Mas não era deles que dependia a mudança. Qualquer reforma estrutural tem de envolver, por razões de estabilidade, os dois partidos de poder: PS e PSD. Os sociais democratas não viraram as costas ao tema, e Rui Rio apresentou uma proposta de reforma do sistema eleitoral como base de negociação, em julho deste ano. Não havia eleições legislativas à vista. Costa ignorou o ímpeto reformista do PSD, mesmo estando alinhado com o seu pensamento (entretanto caducado), e voltou a chutar a reflexão para canto. Aquela que era uma bandeira da sua liderança partidária foi indefinidamente arrumada na gaveta. Mais uma prova de amor à esquerda.

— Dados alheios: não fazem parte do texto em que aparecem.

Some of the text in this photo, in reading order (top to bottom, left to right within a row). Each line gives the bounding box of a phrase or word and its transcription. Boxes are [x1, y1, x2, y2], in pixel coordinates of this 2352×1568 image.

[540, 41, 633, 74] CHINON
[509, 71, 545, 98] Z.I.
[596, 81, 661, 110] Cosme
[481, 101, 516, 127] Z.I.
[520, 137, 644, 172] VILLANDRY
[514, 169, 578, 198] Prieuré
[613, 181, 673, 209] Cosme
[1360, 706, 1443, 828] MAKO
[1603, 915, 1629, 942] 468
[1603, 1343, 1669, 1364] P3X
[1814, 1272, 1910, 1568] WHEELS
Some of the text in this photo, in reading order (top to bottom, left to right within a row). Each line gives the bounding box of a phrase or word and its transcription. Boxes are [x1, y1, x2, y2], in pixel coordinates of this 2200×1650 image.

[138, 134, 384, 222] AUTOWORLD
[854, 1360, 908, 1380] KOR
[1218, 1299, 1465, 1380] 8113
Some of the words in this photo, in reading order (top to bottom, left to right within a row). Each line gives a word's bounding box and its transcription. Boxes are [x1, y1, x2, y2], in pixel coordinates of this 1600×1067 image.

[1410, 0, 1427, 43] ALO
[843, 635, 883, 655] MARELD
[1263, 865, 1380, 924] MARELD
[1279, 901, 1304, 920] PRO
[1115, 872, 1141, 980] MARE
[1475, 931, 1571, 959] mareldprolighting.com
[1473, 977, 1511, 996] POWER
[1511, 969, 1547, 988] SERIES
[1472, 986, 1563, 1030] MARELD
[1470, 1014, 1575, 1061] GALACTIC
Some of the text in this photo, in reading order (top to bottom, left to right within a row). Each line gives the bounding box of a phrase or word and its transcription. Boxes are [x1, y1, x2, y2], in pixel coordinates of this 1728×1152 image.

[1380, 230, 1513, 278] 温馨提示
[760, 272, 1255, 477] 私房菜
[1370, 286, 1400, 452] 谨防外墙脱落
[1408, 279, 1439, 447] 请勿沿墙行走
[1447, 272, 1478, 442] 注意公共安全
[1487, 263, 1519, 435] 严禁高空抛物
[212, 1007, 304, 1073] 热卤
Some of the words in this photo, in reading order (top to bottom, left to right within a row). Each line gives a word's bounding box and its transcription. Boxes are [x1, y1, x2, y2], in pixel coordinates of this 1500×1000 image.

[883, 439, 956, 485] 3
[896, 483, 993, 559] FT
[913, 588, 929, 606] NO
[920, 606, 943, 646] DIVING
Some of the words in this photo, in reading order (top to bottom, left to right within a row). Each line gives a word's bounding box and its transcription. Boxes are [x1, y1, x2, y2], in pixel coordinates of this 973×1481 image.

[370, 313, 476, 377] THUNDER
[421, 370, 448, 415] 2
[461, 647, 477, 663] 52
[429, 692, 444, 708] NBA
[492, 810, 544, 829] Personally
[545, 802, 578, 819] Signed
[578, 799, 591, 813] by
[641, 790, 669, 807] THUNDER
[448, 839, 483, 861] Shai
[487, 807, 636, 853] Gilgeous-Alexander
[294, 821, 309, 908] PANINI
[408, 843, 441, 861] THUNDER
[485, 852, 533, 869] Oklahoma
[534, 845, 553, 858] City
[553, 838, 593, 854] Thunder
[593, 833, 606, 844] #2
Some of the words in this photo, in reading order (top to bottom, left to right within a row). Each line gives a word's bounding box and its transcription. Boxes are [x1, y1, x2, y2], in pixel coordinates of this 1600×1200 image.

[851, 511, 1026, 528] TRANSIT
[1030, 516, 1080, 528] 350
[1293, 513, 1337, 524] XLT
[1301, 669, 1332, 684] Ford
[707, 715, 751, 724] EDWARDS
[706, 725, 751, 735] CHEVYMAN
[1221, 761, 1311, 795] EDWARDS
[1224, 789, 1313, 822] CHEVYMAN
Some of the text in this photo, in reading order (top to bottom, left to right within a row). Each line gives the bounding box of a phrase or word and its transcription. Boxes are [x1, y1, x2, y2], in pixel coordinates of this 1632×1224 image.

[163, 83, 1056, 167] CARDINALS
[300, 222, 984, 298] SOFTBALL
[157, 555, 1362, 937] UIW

Reduzir a dívida pública também era uma das prioridades do governo socialista, reiterada no discurso da tomada de posse, em 2019. A meta era ficar abaixo dos 100% do Produto Interno Bruto (PIB) até 2023. Em 2020, ficou nos 133.7% do PIB, o que equivale a 270 mil milhões de euros, mais 20 mil milhões do que em 2019. É verdade que a pandemia tem responsabilidade neste aumento. Mas o PS está no governo desde 2015. Herdou uma dívida de 236 mil milhões de euros. No ano seguinte, já ia nos 245 mil milhões, e aumentou 2 mil milhões em cada um dos dois anos seguintes.
Em seis anos de governo socialista, apenas dois foram assombrados pela Covid-19. Já a dívida pública esteve seis anos a crescer, ainda que não tão expressivamente como durante o governo de José Sócrates, em que cresceu de 114,5 mil milhões em 2005 para 201,5 mil milhões em 2011 – e sabemos bem onde o desvario nos levou.
"Se uma pessoa é primeiro-ministro durante seis anos, se durante seis anos os portugueses têm a oportunidade de acompanhar e avaliar o trabalho, e se ao fim de seis anos não dão confiança ao primeiro-ministro com uma vitória eleitoral, bom, isso é manifestamente um voto de desconfiança dos portugueses no primeiro-ministro e, então, aí eu tenho de tirar as devidas conclusões e demitir-me". São palavras de António Costa, esta semana, em entrevista à CNN. Não podia estar mais de acordo. Pena é que, para este protagonista, palavra dada não tenha por hábito ser palavra honrada.
Uma coisa é certa: depois de seis anos deste banho de realidade, só cai quem quer. Ou quem for empurrado.
Para desgraças, já nos basta a pandemia.